Payrolls Rise
Well they should.
Today’s ADP report suggests that the US private sector added about 187,000 jobs in January. That’s the good news. The disappointment is that this is well down from the 247,000 added in December. Plus that December number was, itself, revised downwards from its original heady 297,000. So all in all, good but could be better.
What is interesting, is that much of the gain in January came in small business where 97,000 new jobs were added. The largest businesses only added 11,000. This is something of a turn about from the earlier months of the recovery when most of the gain was in large companies while their smaller counterparts struggled to expand. Back then we were told that the restriction on small business growth was absence of credit – does this inversion of job growth tell us that credit is flowing more freely? Or is it simply that expectations about the future have changed sufficiently for small business owners to take on more workers? The truth will only emerge when we see more bank data, and, I suspect, it sits squarely in the middle.

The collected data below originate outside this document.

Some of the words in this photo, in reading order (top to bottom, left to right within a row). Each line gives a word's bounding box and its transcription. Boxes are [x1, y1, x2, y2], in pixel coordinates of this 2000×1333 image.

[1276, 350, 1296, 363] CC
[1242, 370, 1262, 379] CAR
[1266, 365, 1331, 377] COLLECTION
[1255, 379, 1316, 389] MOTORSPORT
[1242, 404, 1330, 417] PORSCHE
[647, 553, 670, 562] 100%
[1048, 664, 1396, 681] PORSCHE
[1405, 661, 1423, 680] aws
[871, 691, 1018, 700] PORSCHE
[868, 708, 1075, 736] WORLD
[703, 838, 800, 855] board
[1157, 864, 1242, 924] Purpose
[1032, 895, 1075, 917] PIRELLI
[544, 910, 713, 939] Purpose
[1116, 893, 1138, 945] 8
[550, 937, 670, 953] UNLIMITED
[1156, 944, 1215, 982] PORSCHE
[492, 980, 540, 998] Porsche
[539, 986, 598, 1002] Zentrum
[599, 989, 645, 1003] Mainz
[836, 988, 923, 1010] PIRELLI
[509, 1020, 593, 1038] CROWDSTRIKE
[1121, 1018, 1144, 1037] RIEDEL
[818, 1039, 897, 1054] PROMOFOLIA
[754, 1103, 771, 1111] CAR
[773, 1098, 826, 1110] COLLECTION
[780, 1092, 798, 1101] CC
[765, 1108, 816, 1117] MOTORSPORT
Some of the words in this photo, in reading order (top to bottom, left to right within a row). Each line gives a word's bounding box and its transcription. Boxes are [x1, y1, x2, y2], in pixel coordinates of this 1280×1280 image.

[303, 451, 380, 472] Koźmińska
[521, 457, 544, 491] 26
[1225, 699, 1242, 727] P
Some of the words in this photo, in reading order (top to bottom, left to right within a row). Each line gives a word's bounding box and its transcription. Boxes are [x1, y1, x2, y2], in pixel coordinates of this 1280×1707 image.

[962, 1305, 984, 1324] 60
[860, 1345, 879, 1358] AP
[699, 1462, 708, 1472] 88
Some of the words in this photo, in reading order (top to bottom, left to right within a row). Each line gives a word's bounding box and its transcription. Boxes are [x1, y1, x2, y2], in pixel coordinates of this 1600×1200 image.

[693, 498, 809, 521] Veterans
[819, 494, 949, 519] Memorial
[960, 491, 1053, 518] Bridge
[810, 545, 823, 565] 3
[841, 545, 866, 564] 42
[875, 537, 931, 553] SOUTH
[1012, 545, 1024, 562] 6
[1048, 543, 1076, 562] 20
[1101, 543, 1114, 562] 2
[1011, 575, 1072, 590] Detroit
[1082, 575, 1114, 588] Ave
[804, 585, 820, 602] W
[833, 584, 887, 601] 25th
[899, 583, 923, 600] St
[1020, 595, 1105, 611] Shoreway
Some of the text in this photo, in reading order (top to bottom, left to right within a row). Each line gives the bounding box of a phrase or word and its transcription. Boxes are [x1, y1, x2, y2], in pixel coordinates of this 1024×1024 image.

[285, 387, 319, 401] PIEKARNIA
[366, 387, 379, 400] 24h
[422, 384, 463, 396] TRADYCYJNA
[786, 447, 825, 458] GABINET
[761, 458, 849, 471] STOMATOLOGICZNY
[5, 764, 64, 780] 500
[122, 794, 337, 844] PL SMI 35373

Now we wait for the government report on Friday which will give us totals including government employment. Since most government agencies and state level organizations are mired in austerity movements I suspect that the news Friday will be less upbeat: overall payroll growth is probably lagging behind the private sector. We may even see a blip upwards in the unemployment rate since the level of new jobs seems not to be keeping up with workforce growth. Unfortunately there is no neat way to fit the data together, so we are definitely in “wait and see” mode.